To borrow a phrase from the poet Carl Sandburg, it seems that the ongoing economic slowdown is creeping into the United States at the feet of kittens.
Everyone from Jeff Bezos to Gwyneth Paltrow is talking about the potential for a deepening Recession, where the Amazon founder advised Twitter followers on October 19 to tighten the screws, and Goop’s CEO admitted to worrying late-night about the economic outlook a few days earlier. Technically speaking, the US economy entered recession in the middle of the year, after the second consecutive quarter of decline in GDP. But the economy has rebounded in the past in the wake of such dips, leading some to say we’re not in a recession yet. The cup half-full crowd points to low unemployment even amid rising inflation as an indication that we’re not in such dire straits.
A major signal will arrive on October 27 when the Commerce Department releases its preliminary report on third-quarter GDP activity.
The financial slowdown comes at a perilous time for Hollywood, which is already grappling with rising prices for content production for broadcast services and a theater market that has yet to recover from the pandemic. The question on many observers’ minds: How bad will a recession be for the entertainment industry?
As consumers have less money to spend on discretionary items, Hollywood will certainly have to adapt, especially in light of the recent direct-to-consumer construction boom. There are indications that wire-cutting could accelerate and that consumers will be giving up some streaming service subscriptions because they feel tight in their wallets.
Says CJ Bangah, Director of Technology, Media & Communications Customer Transformation Consulting at PwC US
In many cases, this work has already begun. Discover Warner Bros. Promising to create $3 billion in savings as it operates under a mountain of debt, this week The Telegraph will include between $3.2 billion and $4.3 billion in pre-tax restructuring fees related to the giant’s merger, while Netflix cut programming spending and instituted layoffs after it Its shares fell after a weak earnings report last April.
“We were already experiencing severe deflation even before the inflation and recession hit,” says Tom Noonan, the Academy Award-winning producer of “Crash” and a lecturer at UCLA’s School of Theatre, Film and Television. “Big bloated companies might use this as an excuse to do more cutting, but the process was already happening.”
Advertising, as always, is a major economic factor. But the yo-yo market of the past few years has upset the usual forecasting models. The Standard Media Index, a tracker of advertising spending, has recorded a year-over-year decline in US ad spend since June.
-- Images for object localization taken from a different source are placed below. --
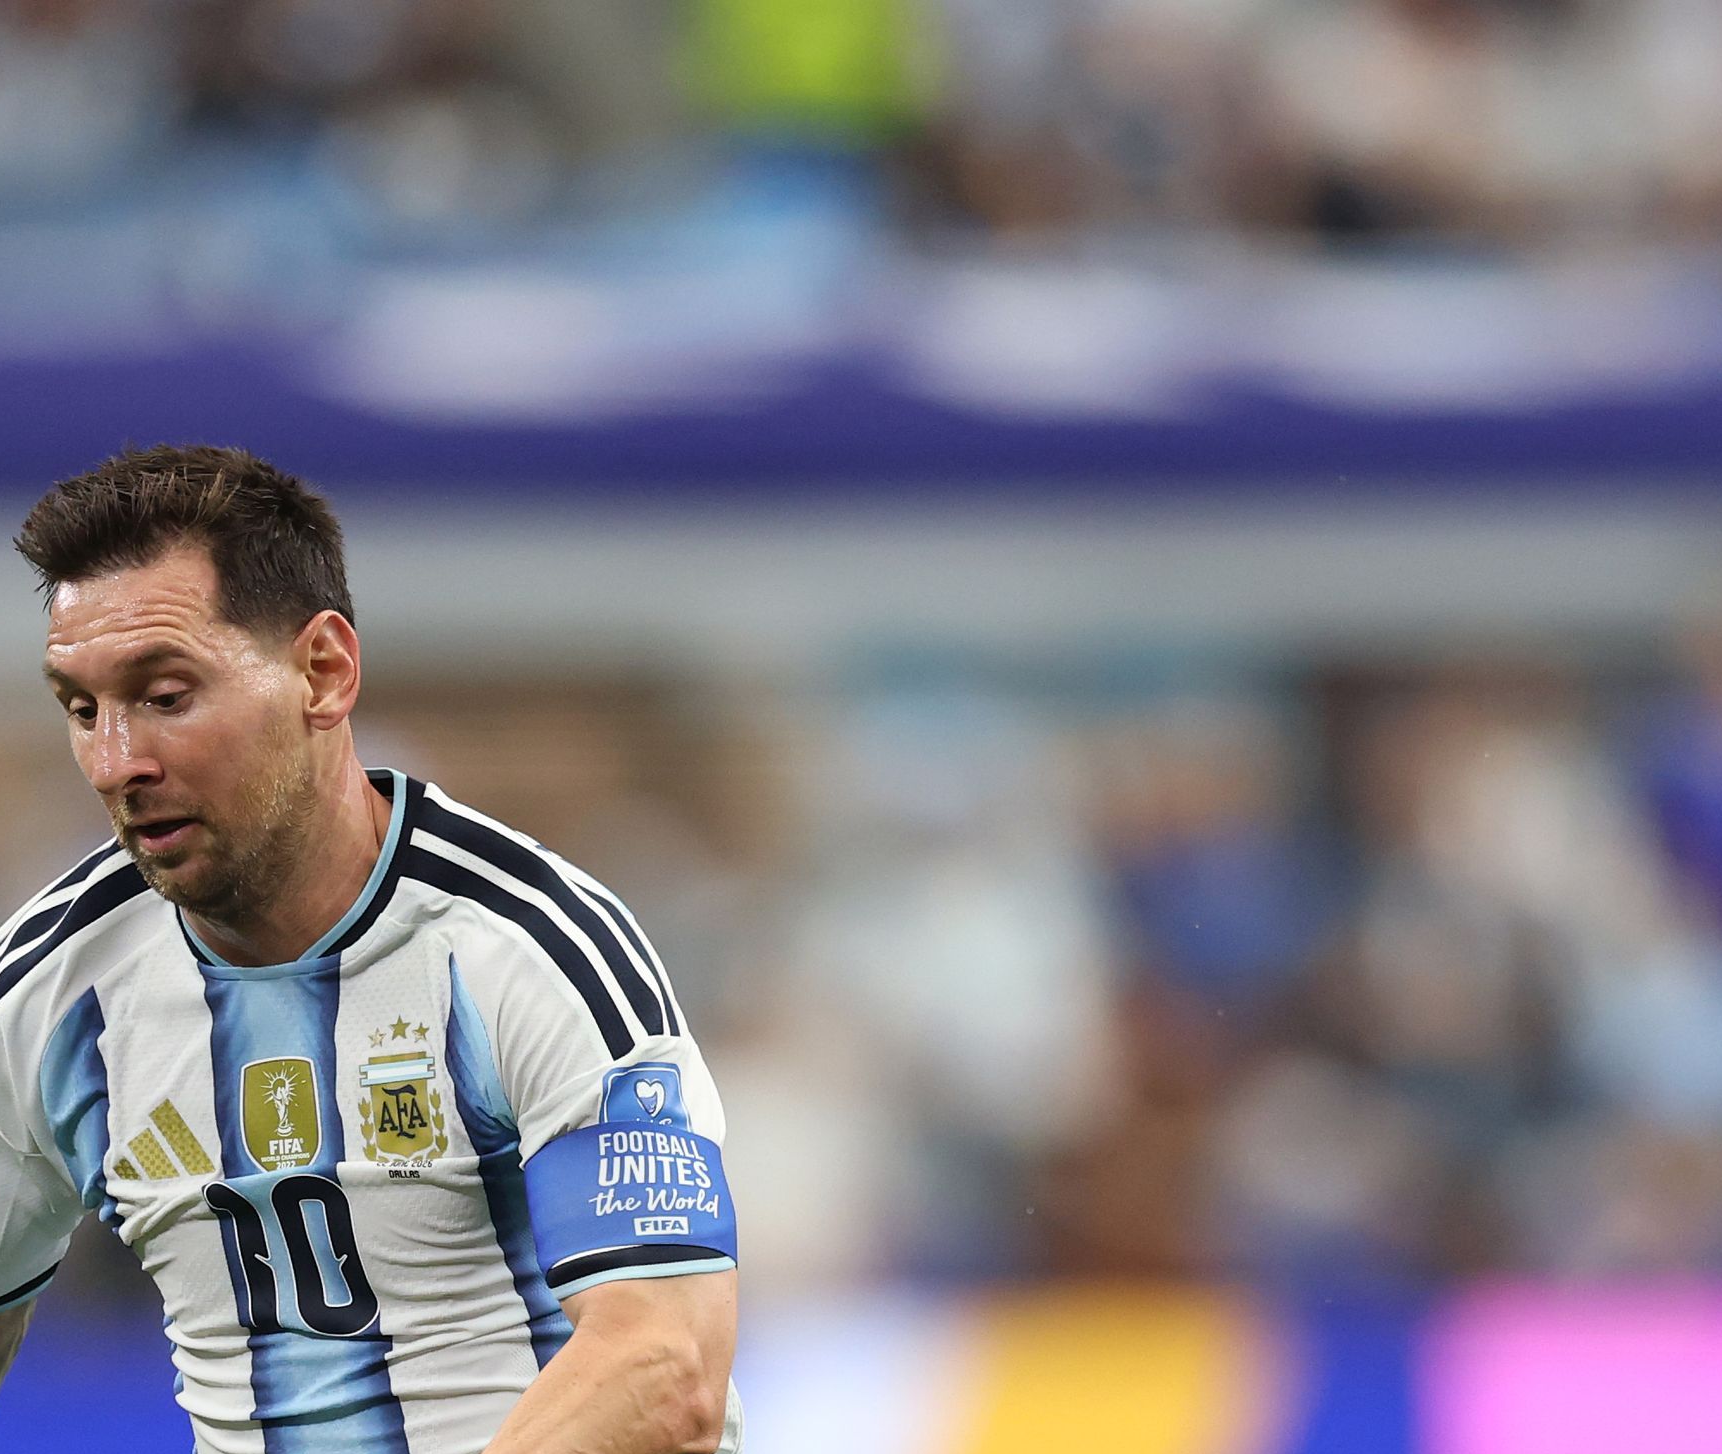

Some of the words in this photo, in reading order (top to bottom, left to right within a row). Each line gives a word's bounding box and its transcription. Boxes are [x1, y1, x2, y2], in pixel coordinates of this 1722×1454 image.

[378, 1084, 428, 1139] AFA
[261, 1155, 280, 1163] WORLD
[280, 1152, 310, 1161] CHAMPIONS
[269, 1137, 304, 1155] FIFA
[598, 1131, 705, 1160] FOOTBALL
[388, 1169, 421, 1179] DALLAS
[598, 1155, 712, 1188] UNITES
[588, 1188, 641, 1217] the
[645, 1187, 719, 1219] World
[640, 1219, 685, 1232] FIFA
[203, 1174, 380, 1337] 10
Filip Krakowski, CEO of the Interpublic Group, told Wall Street analysts last week that advertisers were concerned about the next quarter and urged ad buyers to proceed cautiously with their campaigns.
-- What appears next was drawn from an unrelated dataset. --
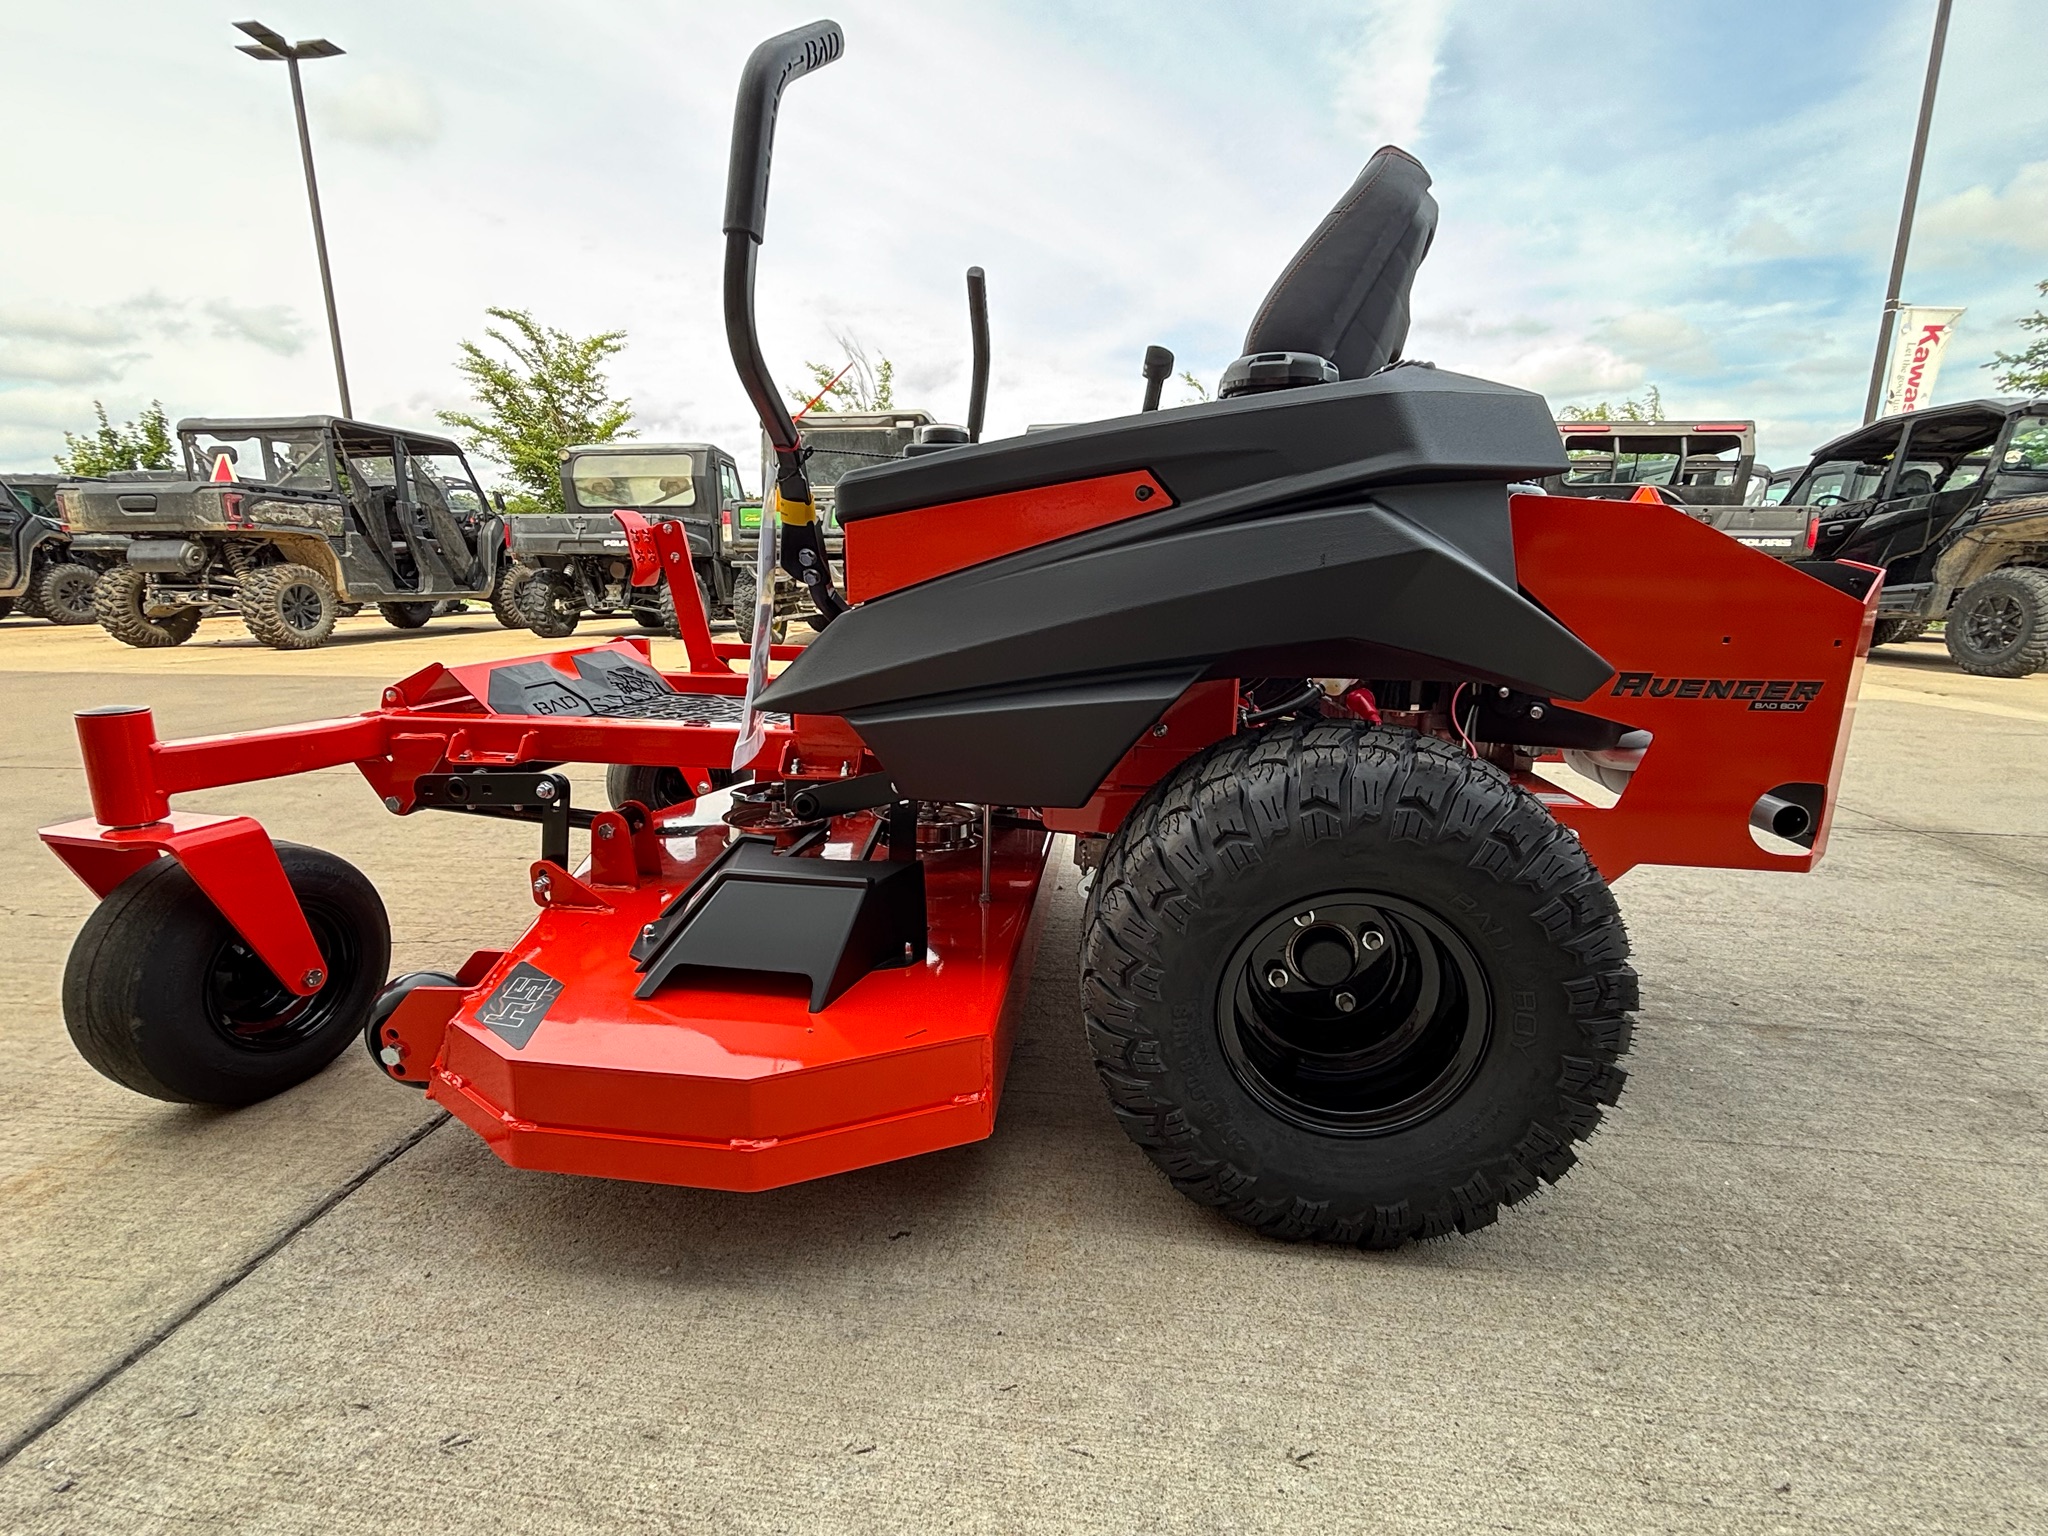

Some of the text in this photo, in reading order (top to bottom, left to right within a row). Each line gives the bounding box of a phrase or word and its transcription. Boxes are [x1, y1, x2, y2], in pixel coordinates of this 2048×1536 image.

[805, 32, 839, 70] BAD
[1610, 672, 1825, 701] AVENGER
[1754, 702, 1804, 710] BAD BOY
[1448, 892, 1537, 1058] BAD BOY
“The majority of our clients now require us to engage in this kind of contingency planning, prioritizing activity, and focusing on actions that will drive performance,” Krakowski said. However, recent forecasts call for growth. GroupM, the media buying giant owned by WPP, forecast in June that ad spending in the United States would grow 9.3% in 2022, and has not rolled back that forecast, according to Kate Scott Dawkins, the company’s global director of business intelligence. .
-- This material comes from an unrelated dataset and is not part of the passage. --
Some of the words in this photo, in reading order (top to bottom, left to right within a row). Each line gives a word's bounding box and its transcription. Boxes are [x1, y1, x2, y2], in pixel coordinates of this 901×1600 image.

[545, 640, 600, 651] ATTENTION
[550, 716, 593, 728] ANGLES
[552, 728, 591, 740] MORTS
“Our base case in the United States is still unclear as to whether or how deep we are in a recession,” says Scott Dawkins.
GroupM has already seen a slowdown, including among major auto marketers. Scott Dawkins says the sector has “not fully returned to normal” after the pandemic.
During the initial sales market earlier this year, many media companies tried to collect as much ad spend as possible, choosing to offer concessions in advertising prices in the hope of attracting buyers. There is some question as to how much ad currency Madison Avenue has left after introductions to support a wide range of ad-supported streaming projects.
“Broadcasting is a relatively inexpensive entertainment option,” says Kevin Westcott, head of technology, media, and telecommunications at Deloitte in the US. Consumers may spend less on getting out of the house—going to dinner, going to the movies. The number of minutes shown on broadcasts will likely go up, and that increases the value of ads on those services.”
The theatrical film industry has long proven to be extraordinarily resilient when it comes to economic downturns. In fact, over the past eight stagnations, the box office has increased sixfold and the number of admissions has increased fivefold.
“Even during tough times, people just don’t stop doing things,” says Patrick Corcoran, vice president and chief communications officer for the National Association of Theater Owners. “They are just looking for cheaper options. And that often goes to the cinema instead of concerts or other things.”
But theaters face other issues. The pandemic has slashed ticket sales and prevented studios from producing the same number of films before COVID, leaving exhibitors without enough compelling films to show. Ticket sales are down nearly 35% from 2019 — the last year before the pandemic — and much of the entertainment industry’s attention has shifted from making global blockbusters to creating content for the streaming services these companies believe represent their future.
Eric Johnson, faculty director in the Center for Media, Entertainment and Sports at UCLA Anderson School of Management, believes that violent stream wars will only get fiercer.
“If you’re not one of three or more big clients, the cost of acquiring new clients or trying to manage disruption can become exceptional,” he says.
Todd Spangler and Diane Jarrett contributed to this report.